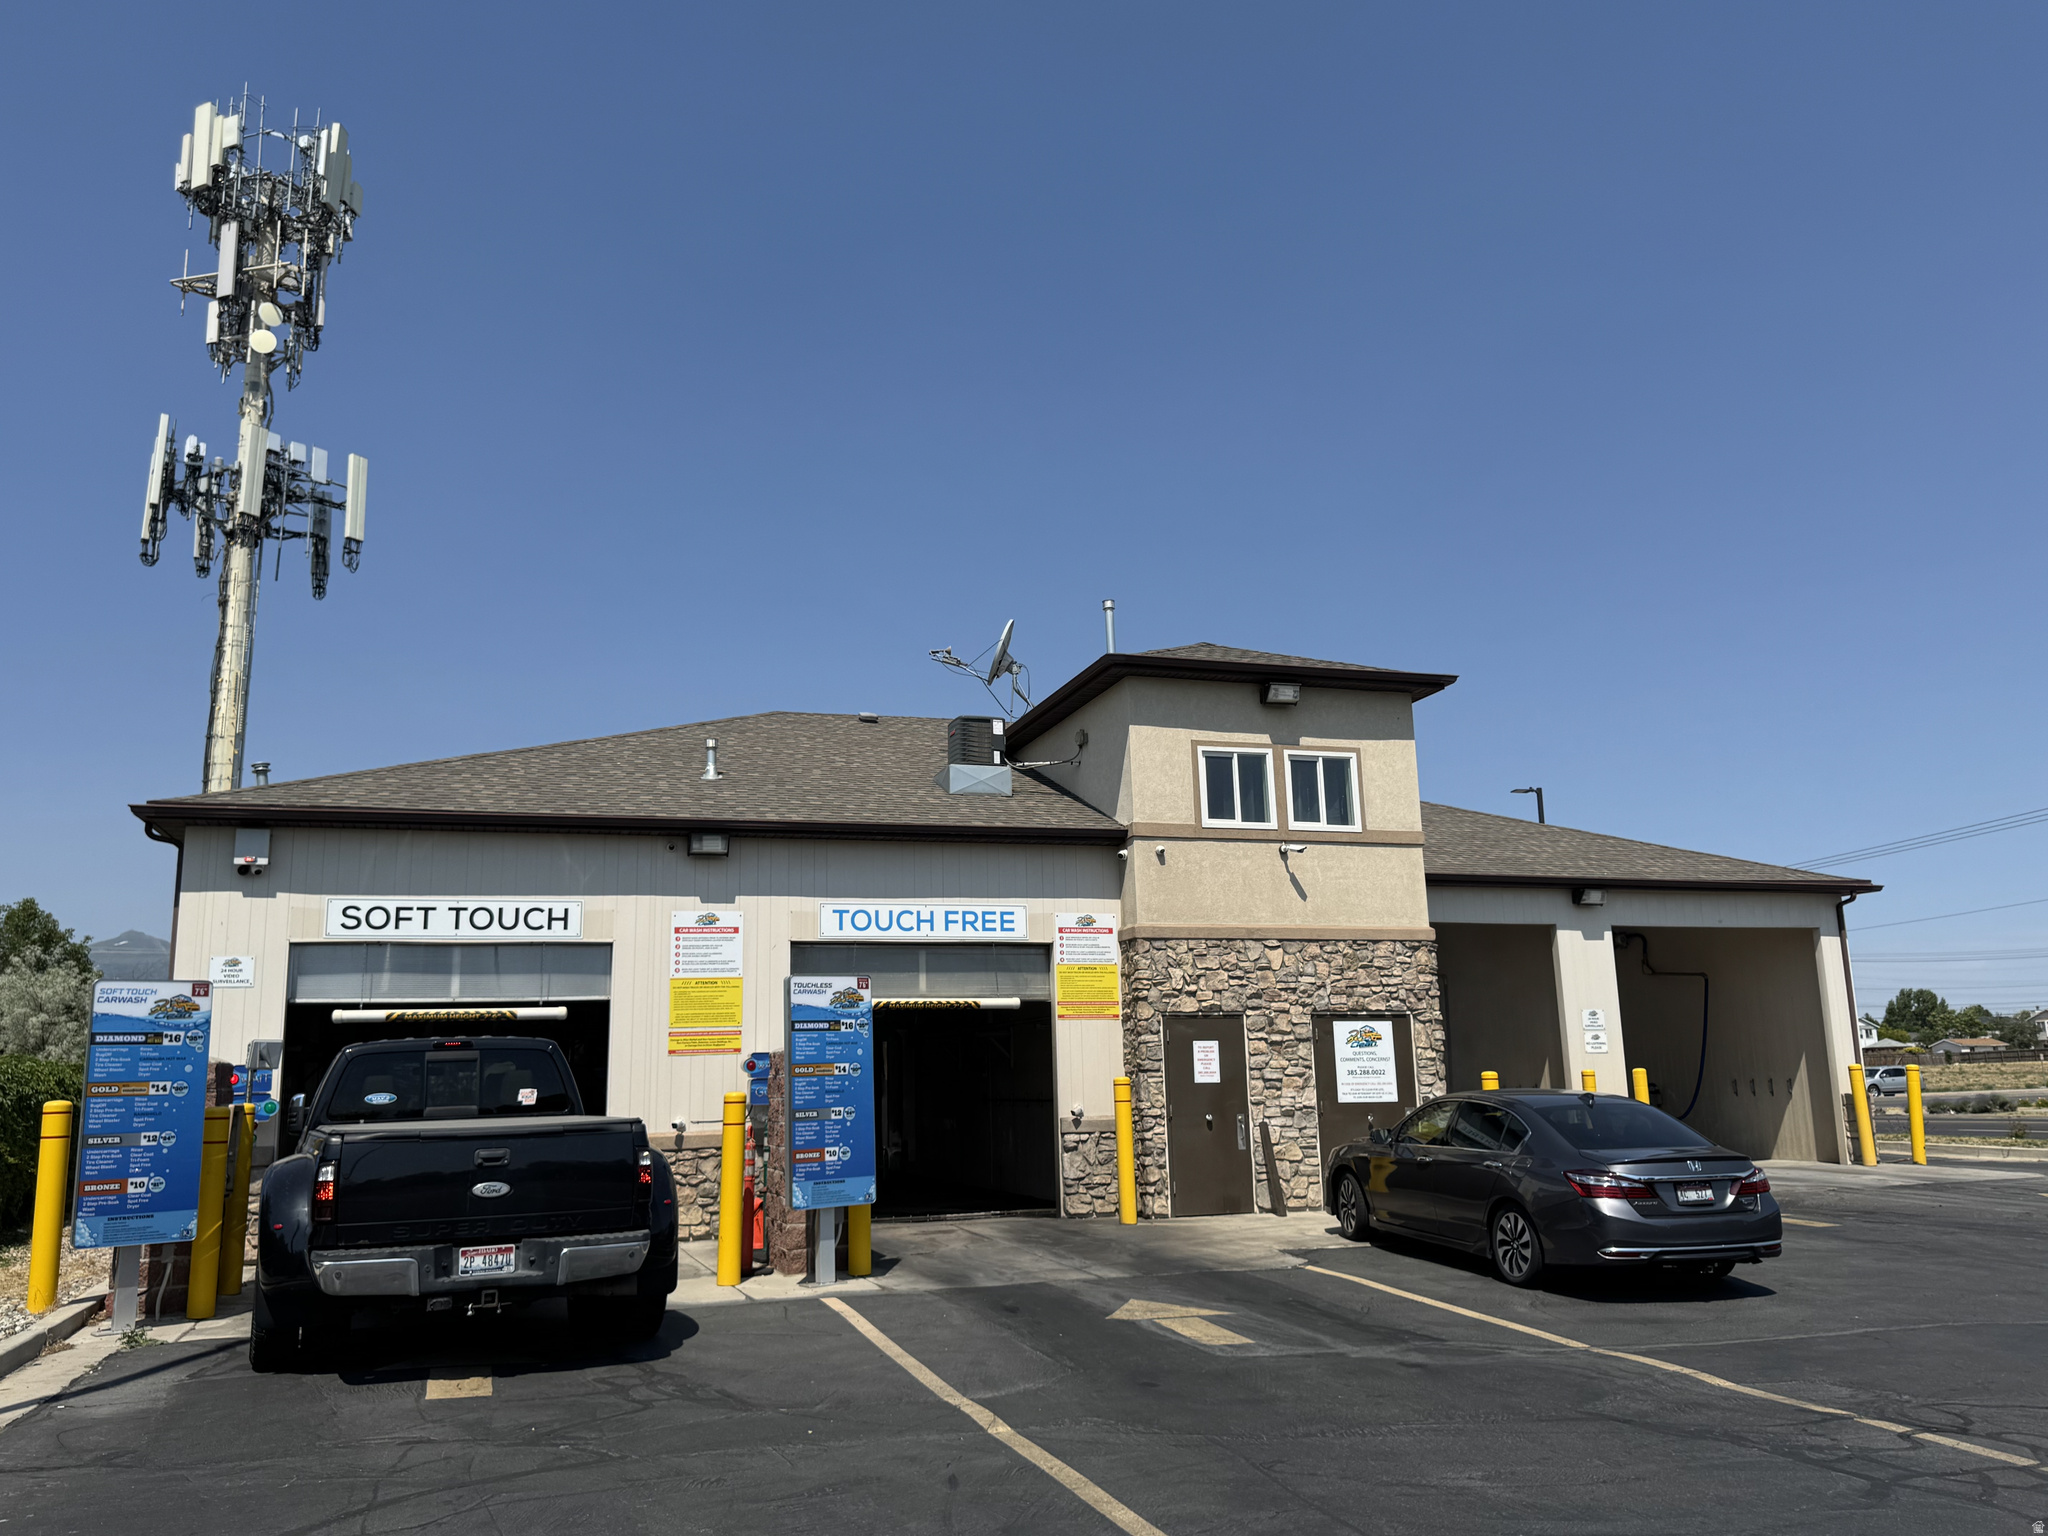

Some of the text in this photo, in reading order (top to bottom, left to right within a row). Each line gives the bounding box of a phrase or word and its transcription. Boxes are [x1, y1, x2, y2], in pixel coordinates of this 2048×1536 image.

[340, 905, 569, 931] SOFT TOUCH
[832, 909, 1015, 932] TOUCH FREE
[97, 996, 148, 1004] CARWASH
[841, 1022, 854, 1030] $16
[164, 1034, 182, 1043] $16
[835, 1065, 847, 1073] $14
[151, 1084, 168, 1092] $14
[84, 1183, 121, 1191] BRONZE
[130, 1181, 145, 1189] $10
[480, 1183, 503, 1194] Ford
[107, 1214, 154, 1222] INSTRUCTIONS
[393, 1216, 584, 1239] SUPER DUTY
[464, 1256, 475, 1268] 2P
[482, 1253, 511, 1267] 4847U

......

Exercise aim: An exact copy of every entry above is needed, minus the pictures.

Worked solution:
Some of the text in this photo, in reading order (top to bottom, left to right within a row). Each line gives the bounding box of a phrase or word and its transcription. Boxes are [x1, y1, x2, y2], in pixel coordinates of this 2048×1536 image.

[340, 905, 569, 931] SOFT TOUCH
[832, 909, 1015, 932] TOUCH FREE
[97, 996, 148, 1004] CARWASH
[841, 1022, 854, 1030] $16
[164, 1034, 182, 1043] $16
[835, 1065, 847, 1073] $14
[151, 1084, 168, 1092] $14
[84, 1183, 121, 1191] BRONZE
[130, 1181, 145, 1189] $10
[480, 1183, 503, 1194] Ford
[107, 1214, 154, 1222] INSTRUCTIONS
[393, 1216, 584, 1239] SUPER DUTY
[464, 1256, 475, 1268] 2P
[482, 1253, 511, 1267] 4847U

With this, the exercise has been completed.